Alors comment faire pour sensibiliser les Européens sur l'assassin le plus dangereux du XXe siècle ? En 2005, en Europe, les 15-24 ans représentaient plus de 50% des nouveaux contaminés. Un public trop jeune pour se souvenir des grosses campagnes choc des années 80 ; et ces vingt dernières années, il n'y a eu aucun programme de sensibilisation majeure pour attirer l'attention des foules sur l’évolution du sida. Pire, bon nombre des mesures de prévention mises en place au départ de l’épidémie, quand le sida est devenu une priorité médicale, n'ont pas été maintenues.

Mais alors que les campagnes coups de poing des années 80 transmettaient vite et bien des messages simple à un maximum de personne, Bickerstaff pense rétrospectivement qu'elles étaient sources d'une stigmatisation considérable à long terme. Le sida y était dépeint comme une maladie mortelle, capable de se répandre très rapidement au sein de la population. En réalité, un tel scénario catastrophe était impossible. Pire, ces campagnes ont parfois dissuadé certains malades et groupes à risque d'aller chercher une aide médicale, de peur que leur maladie ne soit révélée.

« Le VIH a changé dans ces vingt-cinq dernières années », explique Bickerstaff. « Il n'est plus synonyme de condamnation à mort. S'il est détecté tôt, vous pouvez avoir une espérance de vie normale. C'est plutôt un état de santé sur le long terme. »

Connaître sa cible

Peu de temps avant la Journée mondiale sur le sida du 1er décembre, l'Union européenne a récemment lancé une nouvelle campagne publique de sensibilisation, avec le slogan « Sida - Vous vous souvenez de moi? ». Parallèlement, certains Etats membres ont entamé leurs propres efforts de communication. Mais les modes de contamination diffèrent grandement à travers l'Europe : chaque campagne doit viser les populations exposées à un risque élevé.

Selon le NAT, ce sont les homosexuels et la communauté africaine qui comptent pour une large part des nouvelles infections en Grande-Bretagne alors qu'en Europe de l'Est, les consommateurs de drogue qui se piquent sont exposés à un risque particulier. « Il est absolument fondamental de connaître l'épidémie et d'en comprendre les facteurs déterminants– y compris l'inégalité homme/femme et l'homophobie – pour agir contre le sida sur le long terme » a rappelé le Dr Peter Piot, directeur exécutif de l’Onusida.
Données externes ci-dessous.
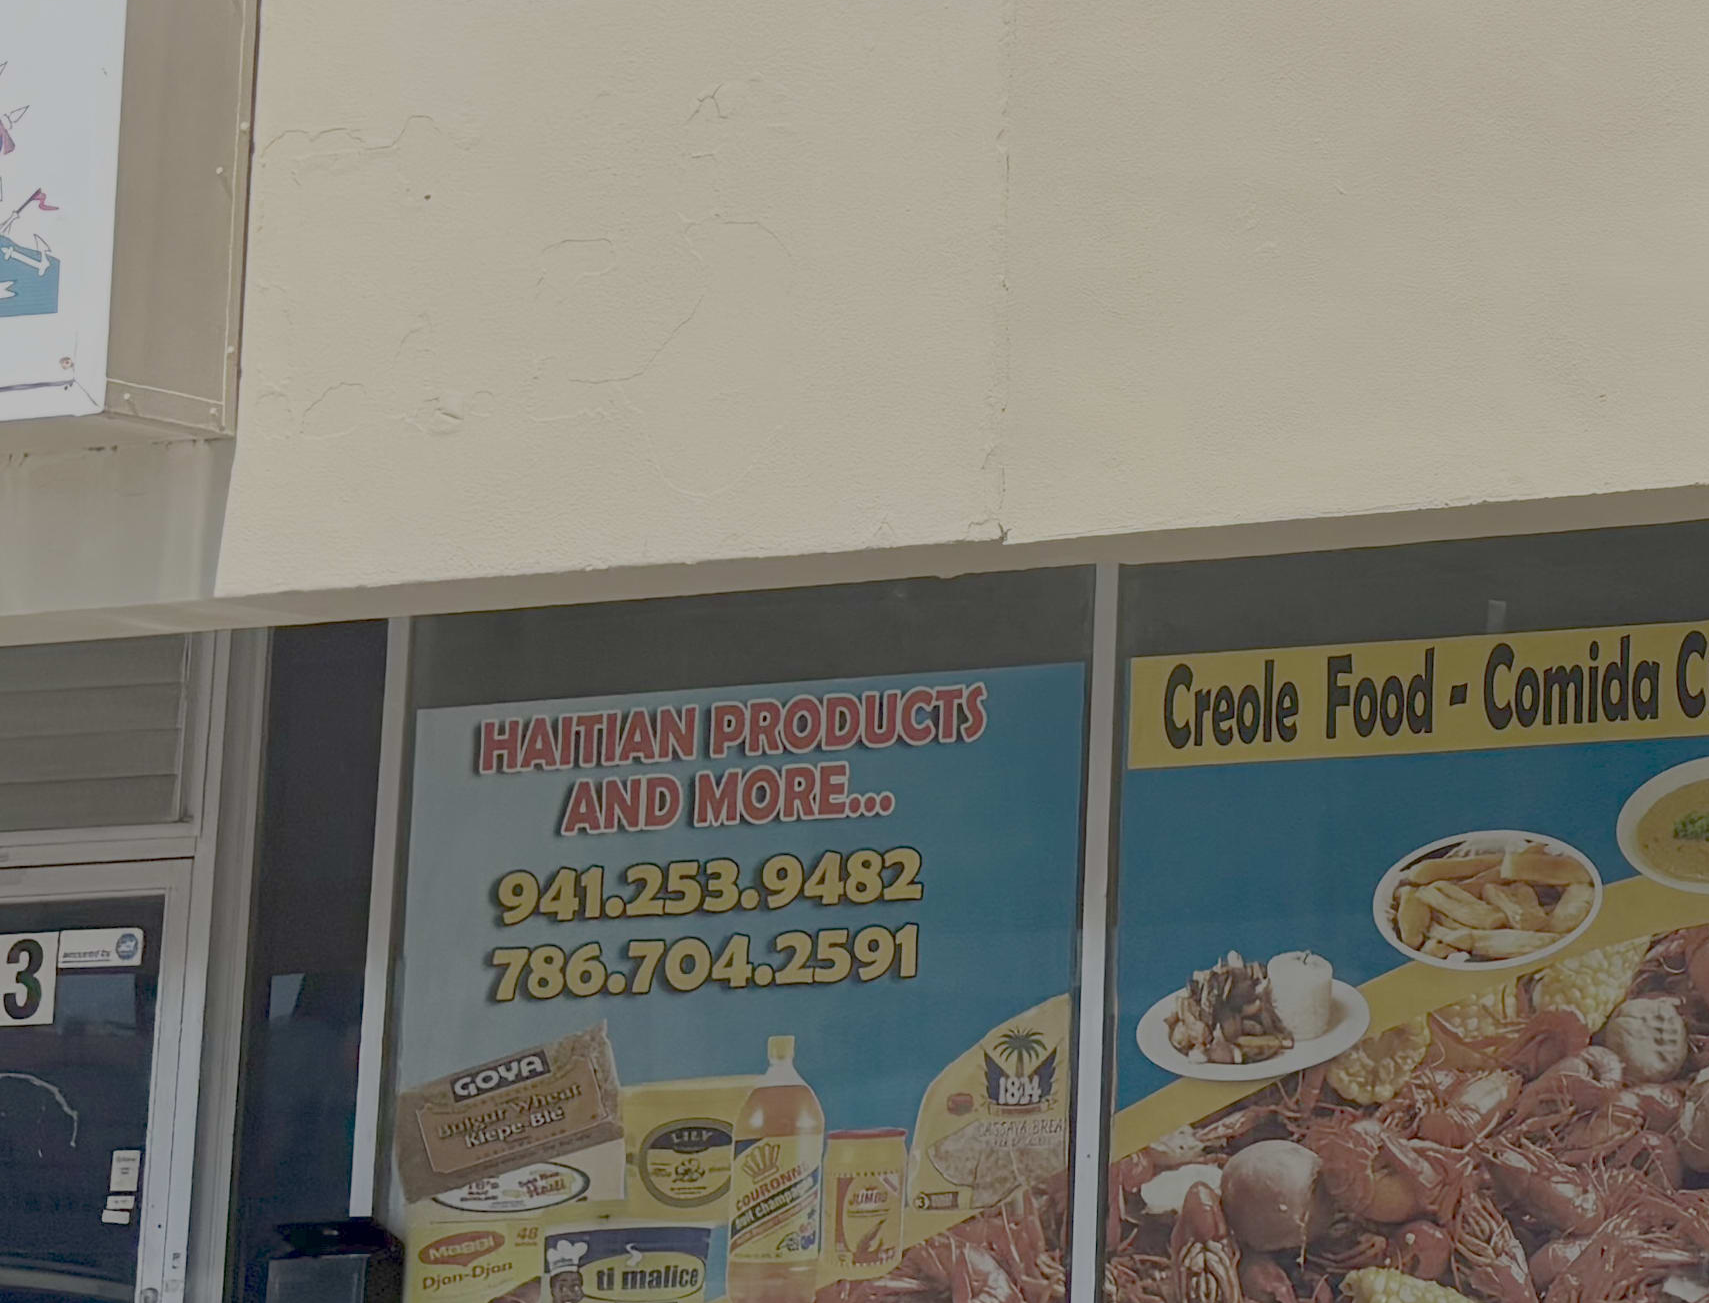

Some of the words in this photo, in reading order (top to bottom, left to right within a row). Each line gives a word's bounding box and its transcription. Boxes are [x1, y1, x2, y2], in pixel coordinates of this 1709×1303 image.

Pour Bruxelles, il est temps de s’attaquer au sida non seulement dans les limites de son territoire, mais aussi d’aider pour améliorer la situation hors de ses frontières. Selon l'OMS, le nombre de contaminations par le VIH en Europe et en Asie Centrale est passé de 30 000 en 1985 à 900 000 en 2005. 90% des nouveaux malades se trouvent en Estonie, en Russie et en Ukraine. Avec seulement 64% des personnes infectées en mesure de recevoir un traitement anti-viral, le sida est loin d'être sous contrôle en Europe.